In the current study, cell samples taken from 50 participants with high HPV loads were investigated to ascertain whether telomere length could be employed as a potential diagnostic tool for women who are high-risk HPV positive. Thus, this study has enabled a comparative analysis of the relative telomere lengths in the DNA samples from cervical cell samples taken from participants with high HPV loads with those taken from participants in a control group. No significant differences were reported between participants with HPV loads of 4-5lg and those with HPV loads of >5lg. However, in both HPV load groups, the telomeres were shorter than what was observed in the control group. Thus, telomere shortening could be an initial molecular modification in advance of the development of high-risk HPV carcinogenesis [28]. The results emerging from the current study indicate that telemetric DNA undergoes shortening in cervical cell samples where the HPV load exceeds 4 lg. Early cervical tumorigenesis is characterized by either telomere dysfunction (the loss of telomere capping function) or excessive telomere erosion, both of which generate chromosomal aberrations that lead to oncogenesis [29].
Studies indicate that there is a link between substantially shortening telomeres and both the activation of the DNA damage response pathway (Chk2 phosphorylation) and an increase in cervical cell proliferation [30]. Shortened telomere length is associated with complex, nonreciprocal chromosomal translocations, genome amplification, deletion via breakage–fusion–bridge (BFB) cycles, and the development of epithelial carcinomas and other malignancies [31,32].

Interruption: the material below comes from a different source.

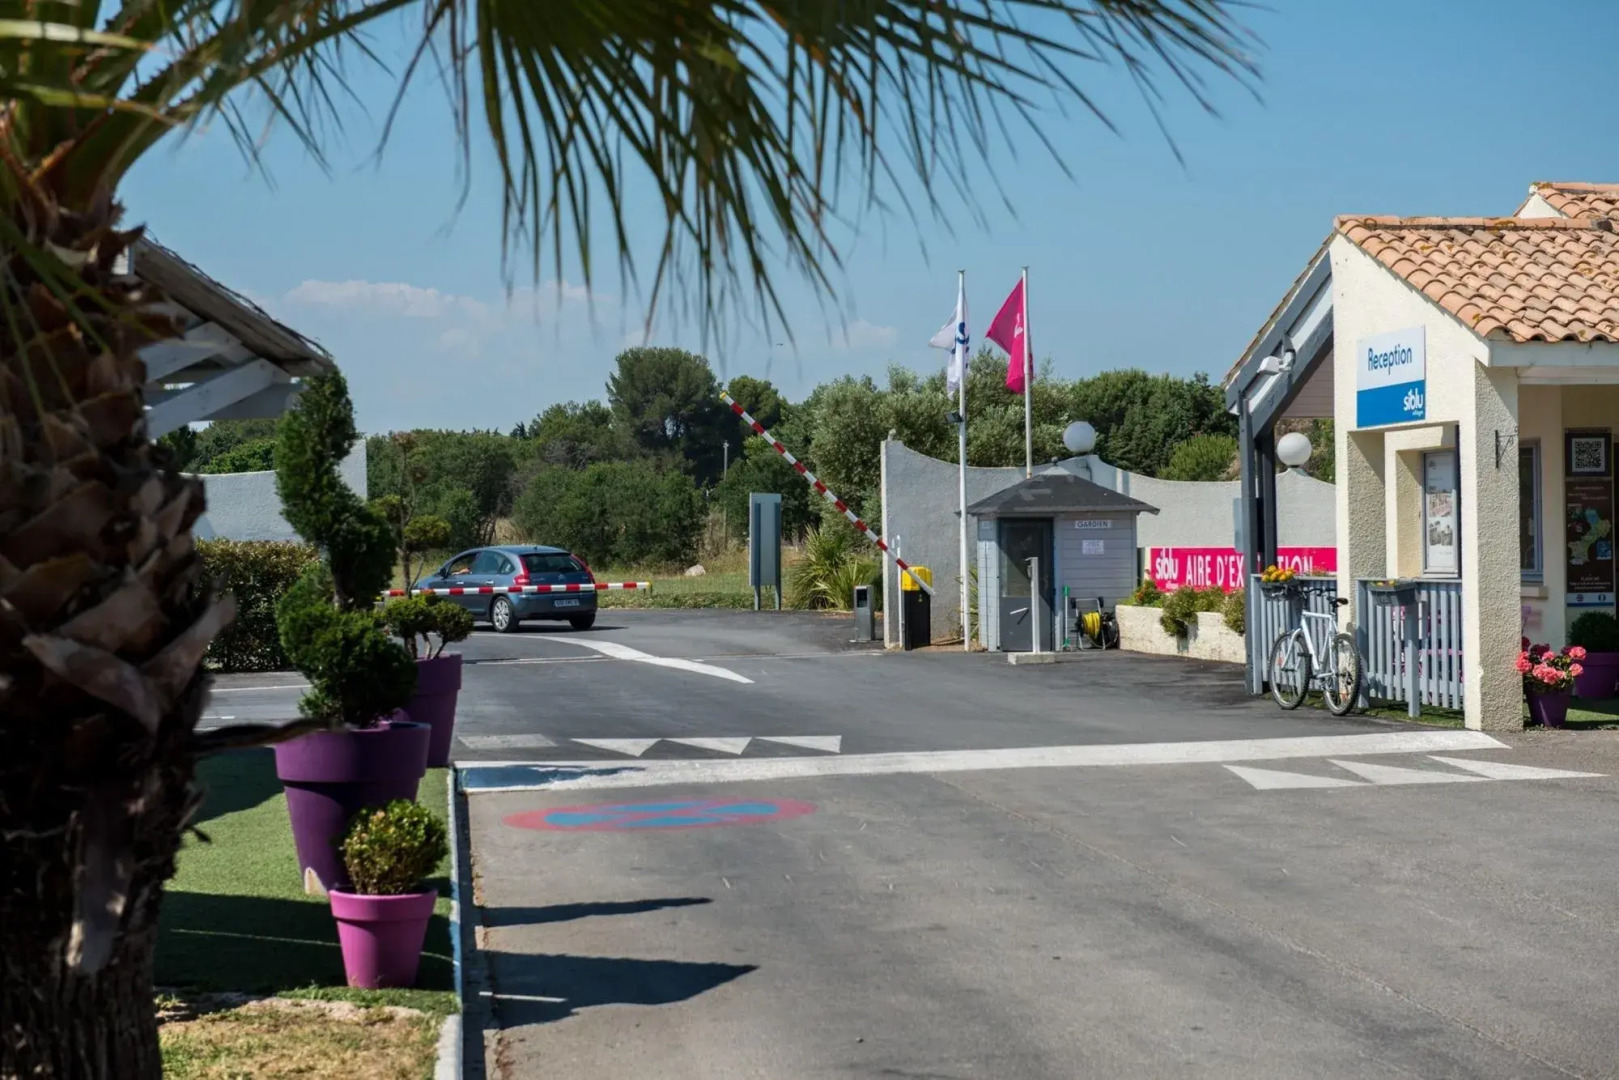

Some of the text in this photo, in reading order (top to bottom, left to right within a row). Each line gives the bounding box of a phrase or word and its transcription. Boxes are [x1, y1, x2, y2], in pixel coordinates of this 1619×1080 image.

[1367, 343, 1413, 375] Reception
[1077, 520, 1108, 528] GARDIEN
[1185, 555, 1212, 587] AIRE

Marginal increases or predispositions to increase have been observed in association with viral loads that exceed 5 lg. The viral loads represent the number of infected cells and viral copies in individual cells. Thus, increased viral loads are linked to increased incidences of cervical cancer. Studies have shown that there is a rise in telomerase activity that corresponds with lesion development, ranging from low-grade squamous intraepithelial lesions (LSIL) to high-grade squamous intraepithelial lesions (HSIL), and onwards to invasive cervical cancer. This indicates that telomere length abnormalities constitute a common genetic change that transpires during the many stages in the development of malignant transformation. This correlates with dysplasia and telomerase activity. Furthermore, it increases with the progression of lesions [20,33,34,35,36,37].
There are several limitations to the current research project, the first of which is that the sample included no participants with either cervical cancer or histological lesions. This rendered it impossible to examine telomere alterations in lesions that were at a more advanced stage. The second major limitation pertains to the comparatively small size of the study sample, which might preclude generalization. It is necessary, therefore, to confirm the findings of this study in a larger population.
In conclusion, the current study has revealed that shortened telomeres are present in cervical samples taken from participants who are HR-HPV positive and have elevated viral loads. Thus, telomere length has a potential application in future triaging, monitoring, and screening of women with high-risk HPV infections. It must be reiterated, however, that additional research with a larger sample group is needed before this hypothesis can be confirmed.